_Data provided_.
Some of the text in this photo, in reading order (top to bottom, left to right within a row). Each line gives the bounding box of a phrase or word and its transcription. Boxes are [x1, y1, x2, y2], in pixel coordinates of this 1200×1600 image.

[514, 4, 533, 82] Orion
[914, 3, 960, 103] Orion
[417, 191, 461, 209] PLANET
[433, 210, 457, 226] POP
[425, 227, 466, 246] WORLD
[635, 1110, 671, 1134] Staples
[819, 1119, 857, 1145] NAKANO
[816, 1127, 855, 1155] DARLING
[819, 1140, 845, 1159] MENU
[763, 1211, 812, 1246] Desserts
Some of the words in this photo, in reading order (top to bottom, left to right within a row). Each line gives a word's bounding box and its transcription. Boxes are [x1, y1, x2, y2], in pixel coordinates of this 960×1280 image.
==
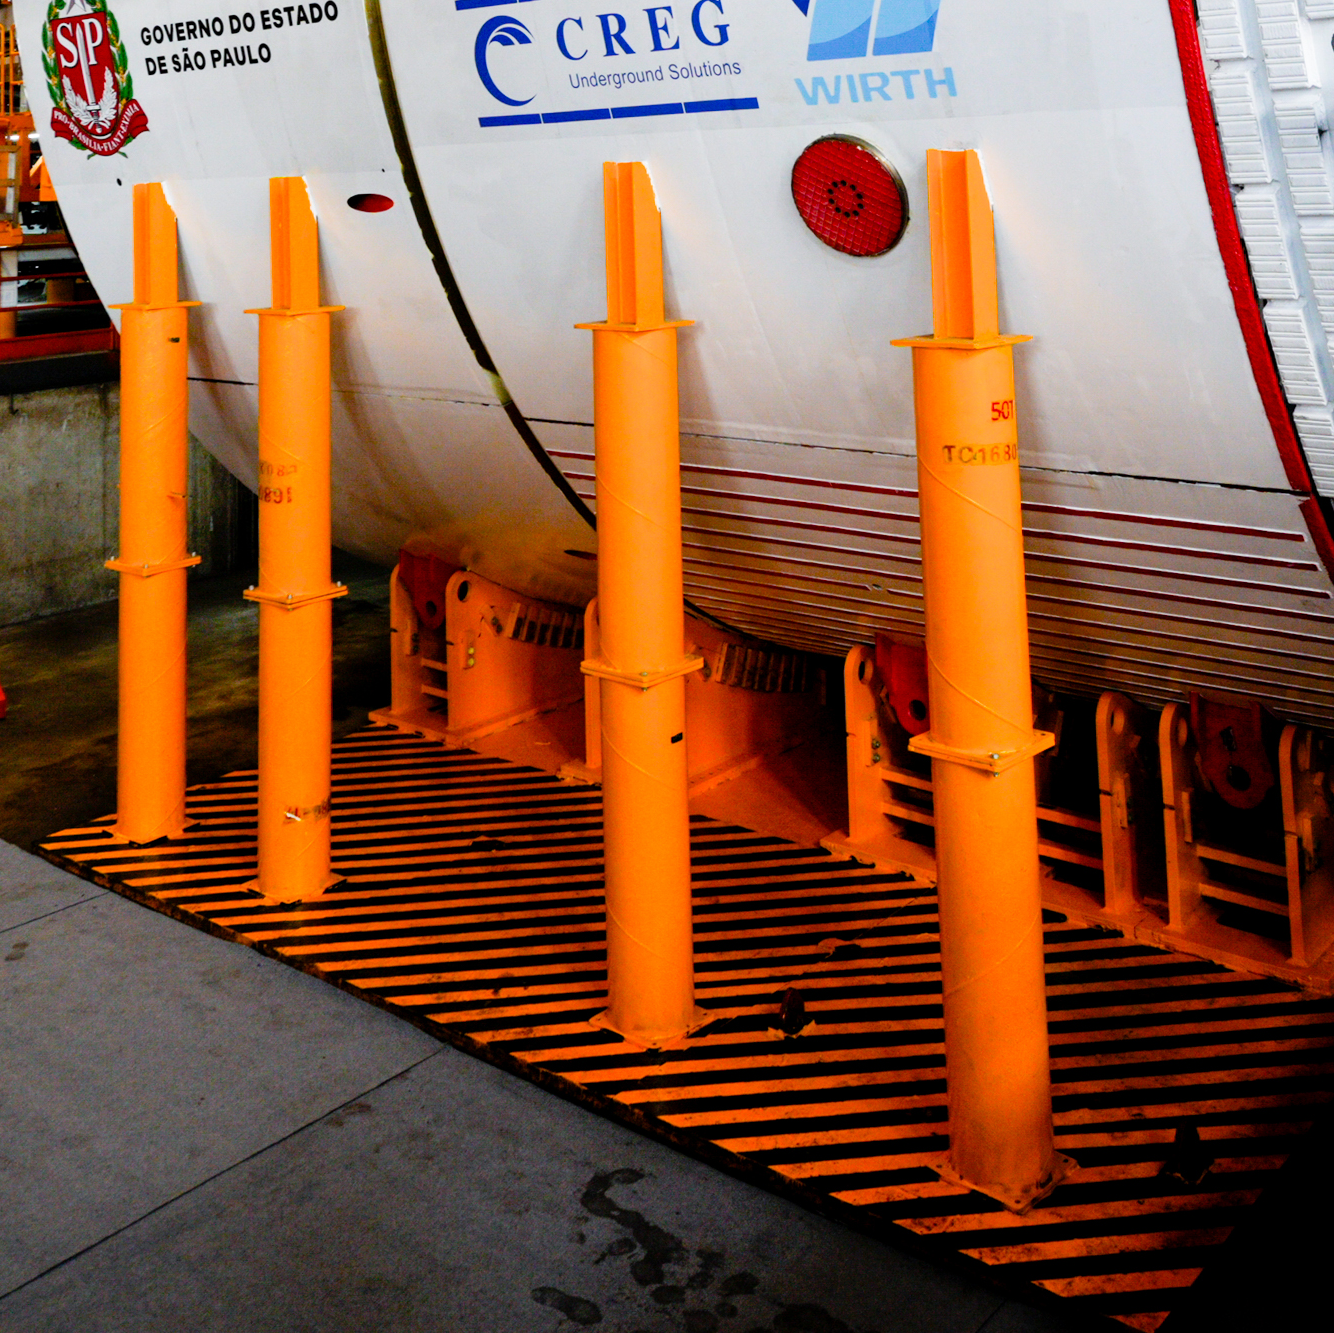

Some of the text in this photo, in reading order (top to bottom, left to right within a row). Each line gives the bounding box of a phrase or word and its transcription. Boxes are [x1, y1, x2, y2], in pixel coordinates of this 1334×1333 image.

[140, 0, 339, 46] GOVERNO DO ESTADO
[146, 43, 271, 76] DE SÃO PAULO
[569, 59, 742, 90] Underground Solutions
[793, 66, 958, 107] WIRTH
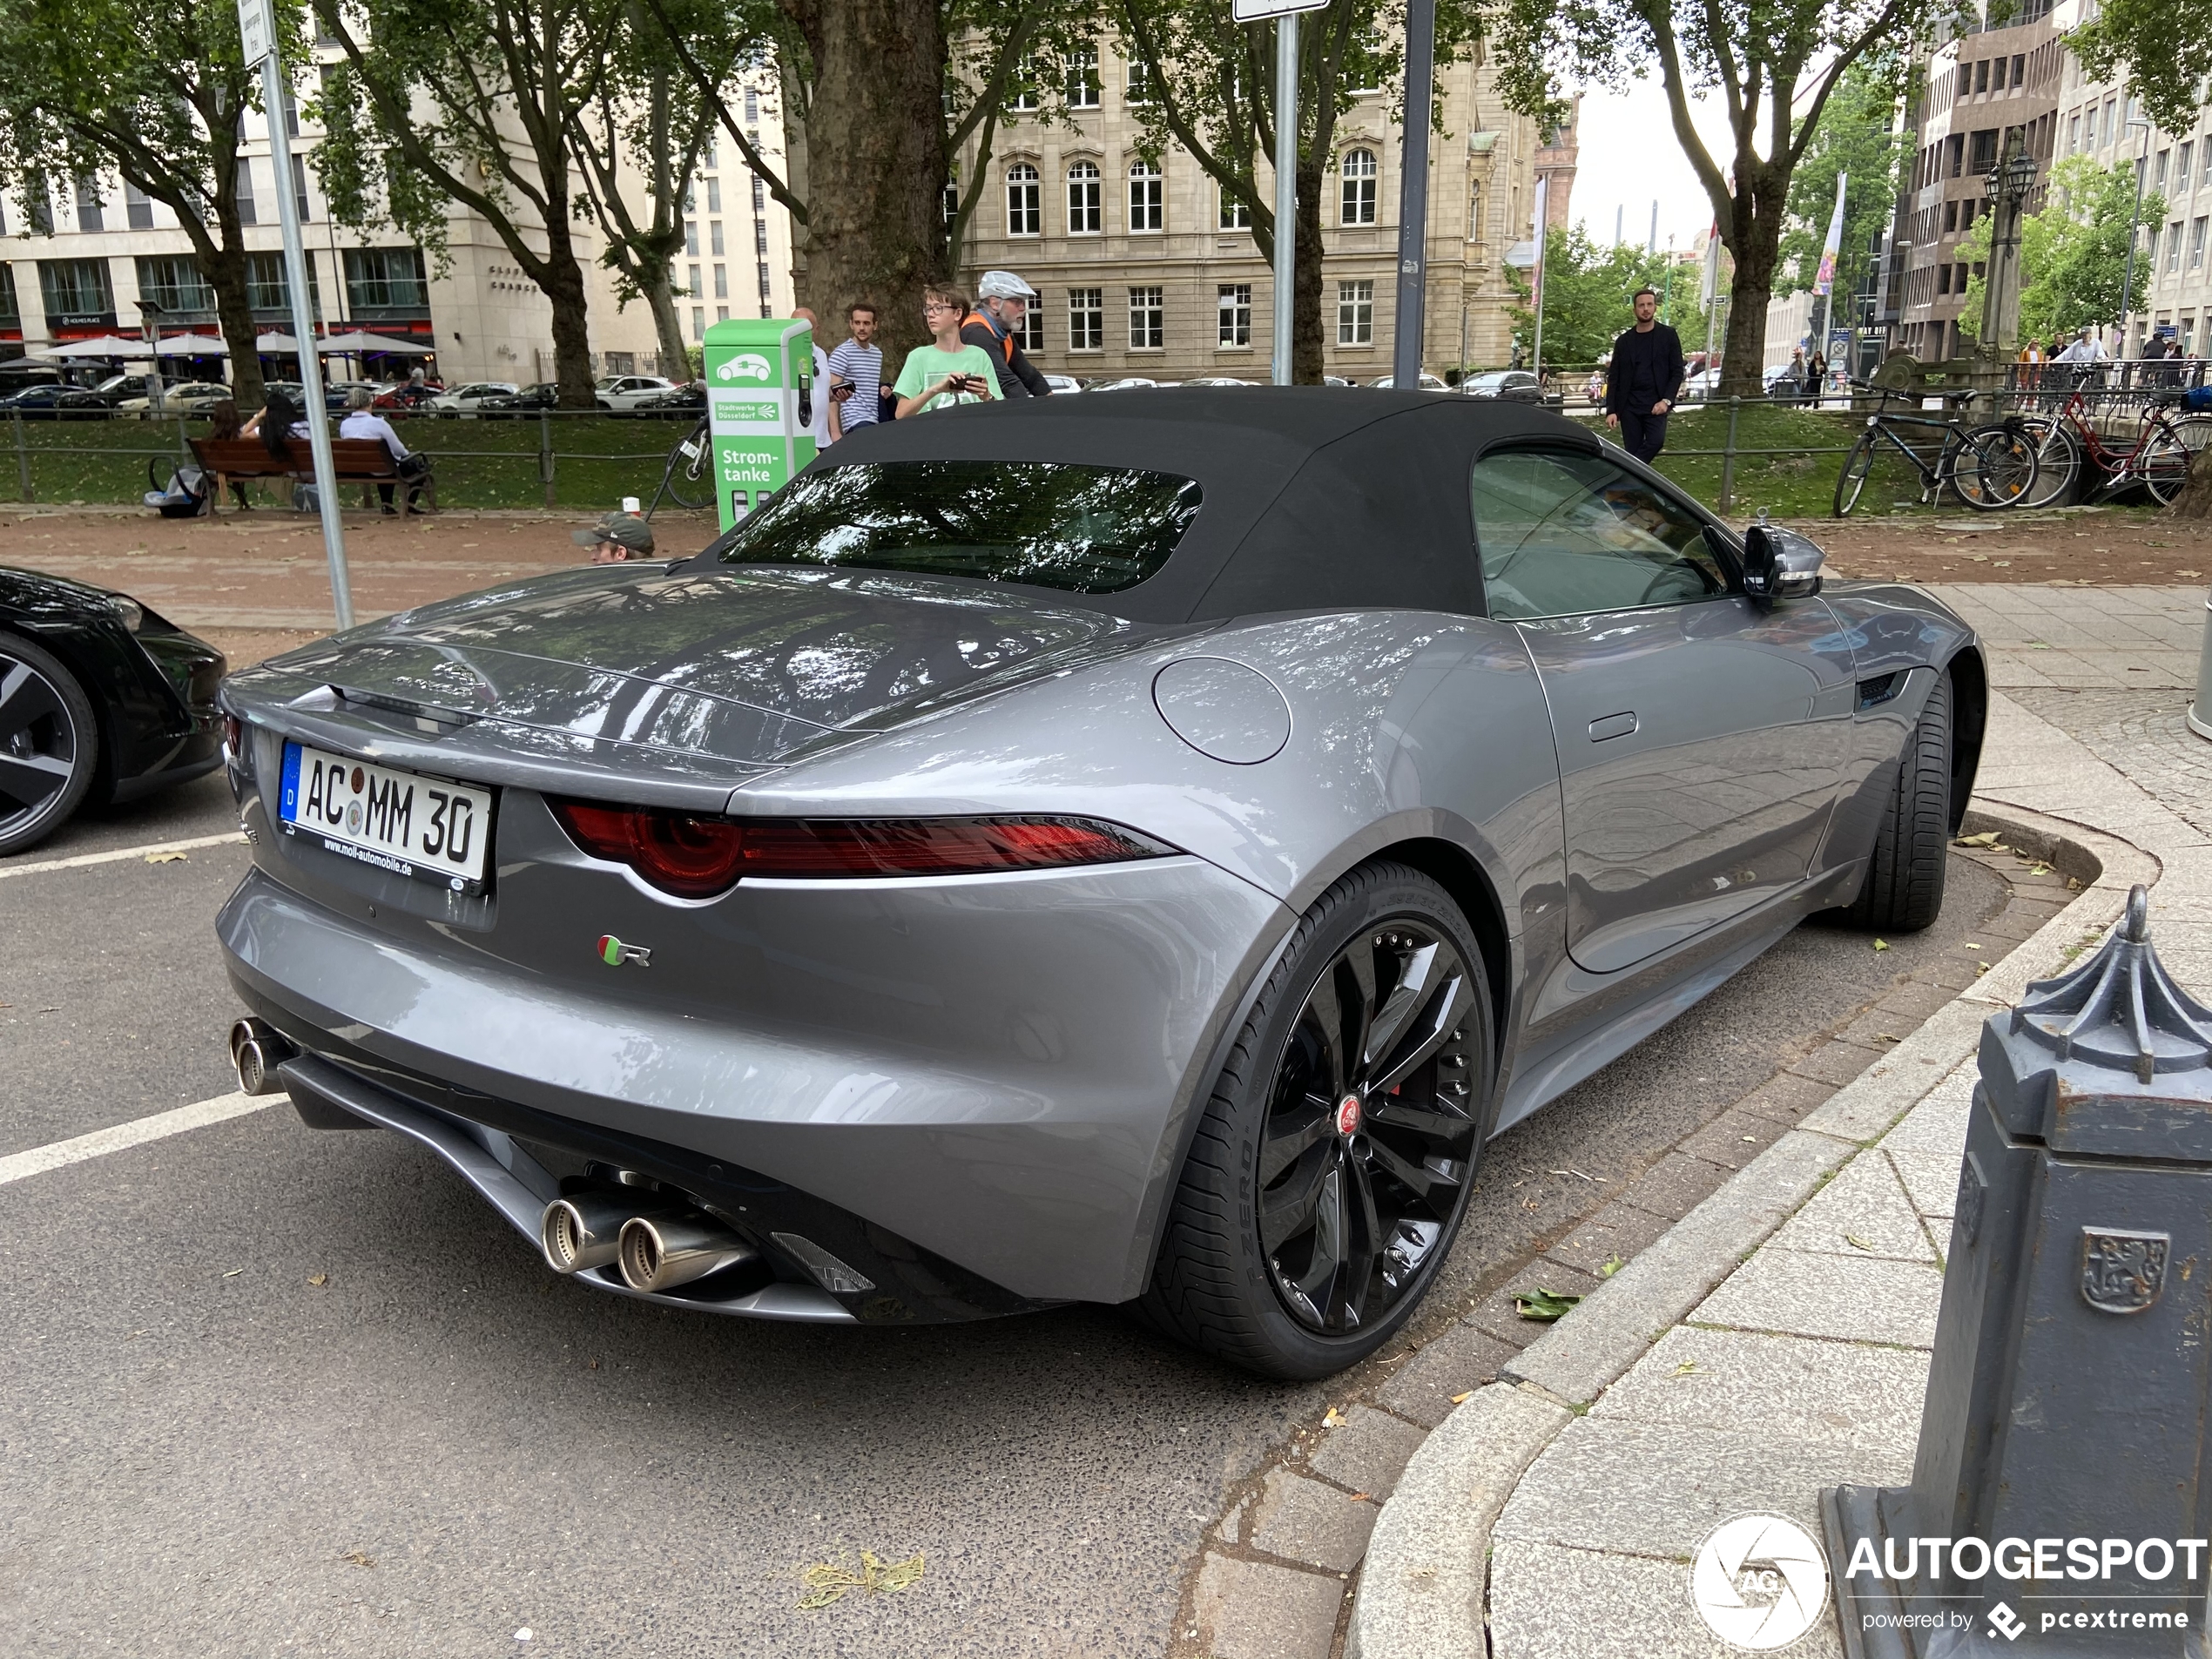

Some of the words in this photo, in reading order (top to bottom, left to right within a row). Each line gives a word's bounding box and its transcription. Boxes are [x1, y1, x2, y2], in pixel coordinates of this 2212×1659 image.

_Work request_.
Filter the lines above so that only those with the string "words" remain, then copy them.

_Exercise result_.
Some of the words in this photo, in reading order (top to bottom, left to right within a row). Each line gives a word's bounding box and its transcription. Boxes are [x1, y1, x2, y2], in pixel coordinates of this 960×1280 image.
Some of the words in this photo, in reading order (top to bottom, left to right within a row). Each line gives a word's bounding box and its transcription. Boxes are [x1, y1, x2, y2], in pixel coordinates of this 2212×1659 image.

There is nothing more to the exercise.